Special adaptations of insects to an aerial existence include the development of a hardened cuticle, often impregnated with lipids, which not only affords protection from physical damage but also retards loss of water; a breathing system of non-collapsible tracheae, whereby oxygen is distributed to the tissues by diffusion (this system is progressively less efficient as internal distances increase, resulting in an eventual limitation of body size); and wings, permitting migration to far distant or isolated areas that otherwise might have been inaccessible. The evolution of complete metamorphosis, which allows adults to exploit habitats totally different from those of the young, further extends their range of available habitats. Thus, two trends seem to pervade insect evolution: achieving independence from the damp habitat in which their ancestors evolved, and increasing their ability to disperse.

To return to an aquatic existence, insects, which are primarily terrestrial or aerial organisms, have to solve several ecological, physiological and physical problems. For such a return to be possible there must be ‘bridging’ habitats. Between land and sea such environments are provided by estuaries, saltmarshes, mangrove swamps and the intertidal zones. The majority of our so-called marine insects are still found in such habitats.
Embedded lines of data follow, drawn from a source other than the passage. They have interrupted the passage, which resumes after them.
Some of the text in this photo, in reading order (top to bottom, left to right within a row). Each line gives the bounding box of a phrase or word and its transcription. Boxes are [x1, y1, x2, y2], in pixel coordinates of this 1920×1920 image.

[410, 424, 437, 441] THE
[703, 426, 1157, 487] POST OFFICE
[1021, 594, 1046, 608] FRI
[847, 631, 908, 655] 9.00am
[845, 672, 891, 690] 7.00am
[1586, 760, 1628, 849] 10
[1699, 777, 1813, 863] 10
It has been suggested that the highly successful Crustacea, which had already diversified much earlier in the Cambrian, had become so well-established in fully marine environments that competition and predation may have been important factors in limiting the further invasion of marine habitats by insects.
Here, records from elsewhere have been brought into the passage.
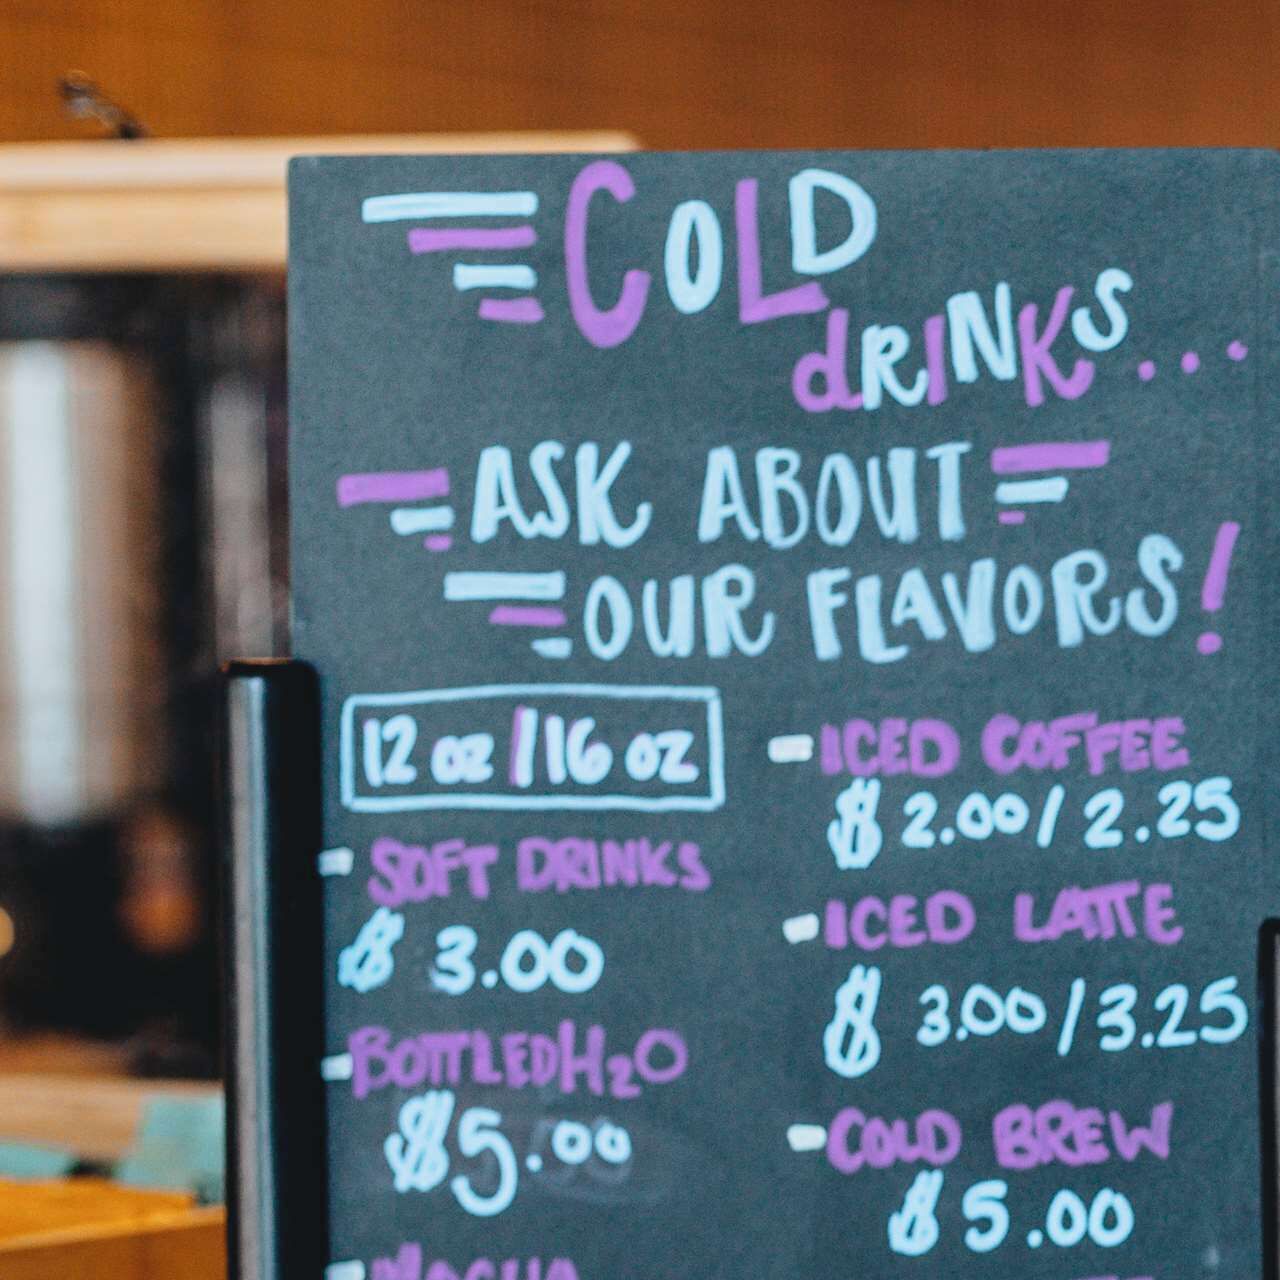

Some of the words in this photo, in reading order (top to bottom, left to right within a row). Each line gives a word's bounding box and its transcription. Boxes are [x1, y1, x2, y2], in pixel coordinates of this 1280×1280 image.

[565, 160, 878, 347] COLD
[471, 441, 652, 548] ASK
[698, 441, 971, 548] ABOUT
[584, 563, 774, 660] OUR
[807, 520, 1240, 662] FLAVORS!
[822, 718, 960, 775] ICED
[981, 713, 1188, 775] COFFEE
[368, 840, 497, 902] SOFT
[517, 838, 710, 892] DRINKS
[825, 892, 976, 948] ICED
[1013, 882, 1183, 945] LATTE
[827, 1109, 960, 1172] COLD
[993, 1102, 1172, 1168] BREW
In order to live in the sea, insects also have to overcome physical constraints of buoyancy and surface tension and physiological problems of respiration and osmoregulation.

A reduction in body weight and an increase in surface-volume ratio, while advantageous for becoming airborne, may be a hindrance for insects which have to penetrate air-water interfaces. Wings, too, tend to be a nuisance for such small animals associated with water or air-water interfaces. Many marine insects have become wingless (e.g. sea-skaters) or have reduced wings (e.g. chironomids). Others have fully developed wings but are flightless or weak fliers (e.g. certain shore bugs, beach flies and beetles). Such adaptations perhaps help to prevent these insects from being readily blown away from their proper habitat.

Insects that become temporarily submerged need some means of breathing under water. Several marine species, notably the sea-skaters, are known to trap air between the hydrofuge hairs covering their bodies, and thus prevent drowning. Other special respiratory adaptations superimposed on the tracheal system include breathing siphons, blood-gills and various kinds of ‘physical gills’. In one way or another all of these devices have been used by marine insects, but the mechanisms and structures have not been studied in as much detail as they have for a few of the freshwater species.

Experimental studies on the osmoregulation of marine insects have been carried out on larvae of the marine caddis-fly Philaniscus plebeius Walker, saltmarsh mosquitoes such as Opifex fuscus Hutton and Aedes detritus, and certain Corixidae. It is clear from these studies that some insects are able to osmoregulate over a wide range of salinities.

Perhaps the physiology of the muscular or nervous system of an insect is so specialized that it cannot tolerate physico-chemical conditions like those of sea-water. It may be that osmotic regulation and submarine respiration involve evolution of such different physiological adaptations that few insects have been successful in achieving both goals. This may be hard to prove, but what more plausible explanation could one suggest for the paucity of marine insects?